Formally educated at Knox College and University of Massachusetts at Amherst, Petty has taught extensively in the fields of African American literature and Creative Writing on the faculty at Knox and University of Illinois at Urbana-Champaign. She has served as the Simon Blattner Visiting Assistant Professor of Fiction at Northwestern University and the Tin House Writer-in-Residence at Portland State University. She is currently on staff at the Invisible Institute, a nonprofit journalism company on the South Side of Chicago. And she is a member of the Prison + Neighborhood Arts/Education Project, a visual arts and humanities project that connects teaching artists and scholars to incarcerated students at Stateville Maximum Security Prison through classes, workshops, a policy think tank, and guest lectures.

 

Petty’s oral history work, High Rise Stories: Voices from Chicago Public Housing (Voice of Witness/Haymarket Press), features firsthand accounts of twelve former residents of now-demolished Chicago Housing Authority high-rises. In a review for The Chicago Reader, Janet Potter writes, “High Rise Stories is informative and moving, empathetic and educational. While most of the CHA developments are gone, their influence on the demographics of Chicago life is not. As Paula Hawkins, who grew up in Cabrini-Green in the 60s and 70s, says, ‘The thing is: we the landmarks. Forget a building! People are the landmarks.’”

October 4th

Kristin Reynolds presents Urban Agriculture, Racial and Economic Equity: Action Research for Food and Social Justice

Urban agriculture has a long and diverse history throughout the world. Its health, social, and economic benefits for communities have been the subject of many studies and advocacy efforts seeking recognition of urban food production as a legitimate use of city space and as “real” agriculture. In the US, the past decade has seen policy support for urban food production expand at multiple scales of governance. At the same time, new forms of high tech, commercial urban agriculture have emerged, often funded through private investment and venture capital.
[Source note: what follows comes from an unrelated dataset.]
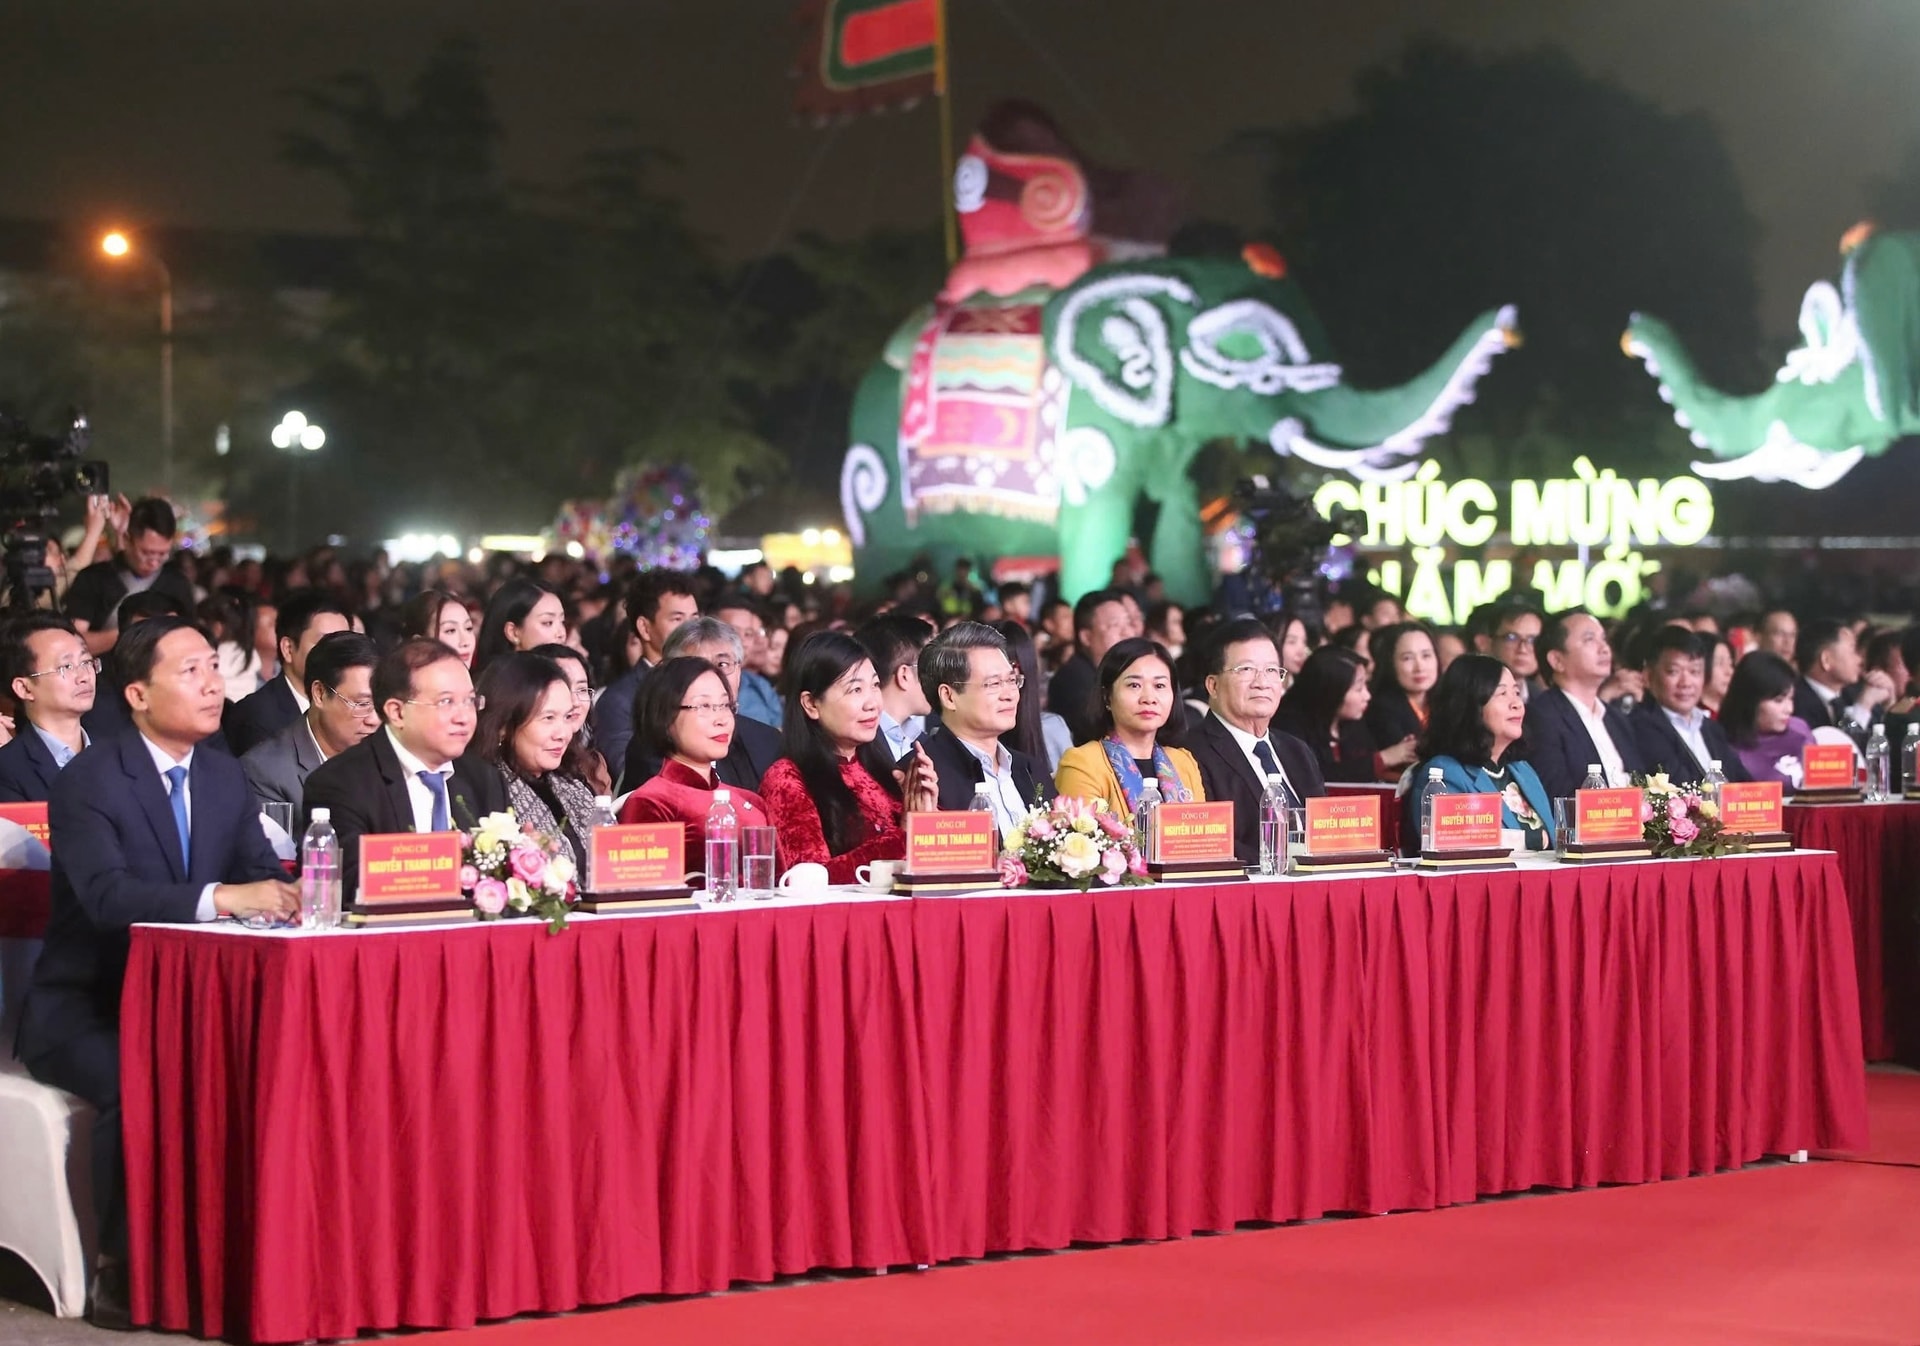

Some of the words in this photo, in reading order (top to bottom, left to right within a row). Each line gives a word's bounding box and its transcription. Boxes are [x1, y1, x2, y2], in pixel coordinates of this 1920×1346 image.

Understanding the implications of these shifts for racial and economic inequity, within the broader US context of social inequality, is important in designing and implementing more socially just urban agriculture policies. In this talk, Kristin Reynolds discusses recent evolutions in urban agriculture practices and policy, their implications for racial and economic equity, and her current work to inform more socially just urban agriculture policy through her Food and Social Justice Action Research Lab.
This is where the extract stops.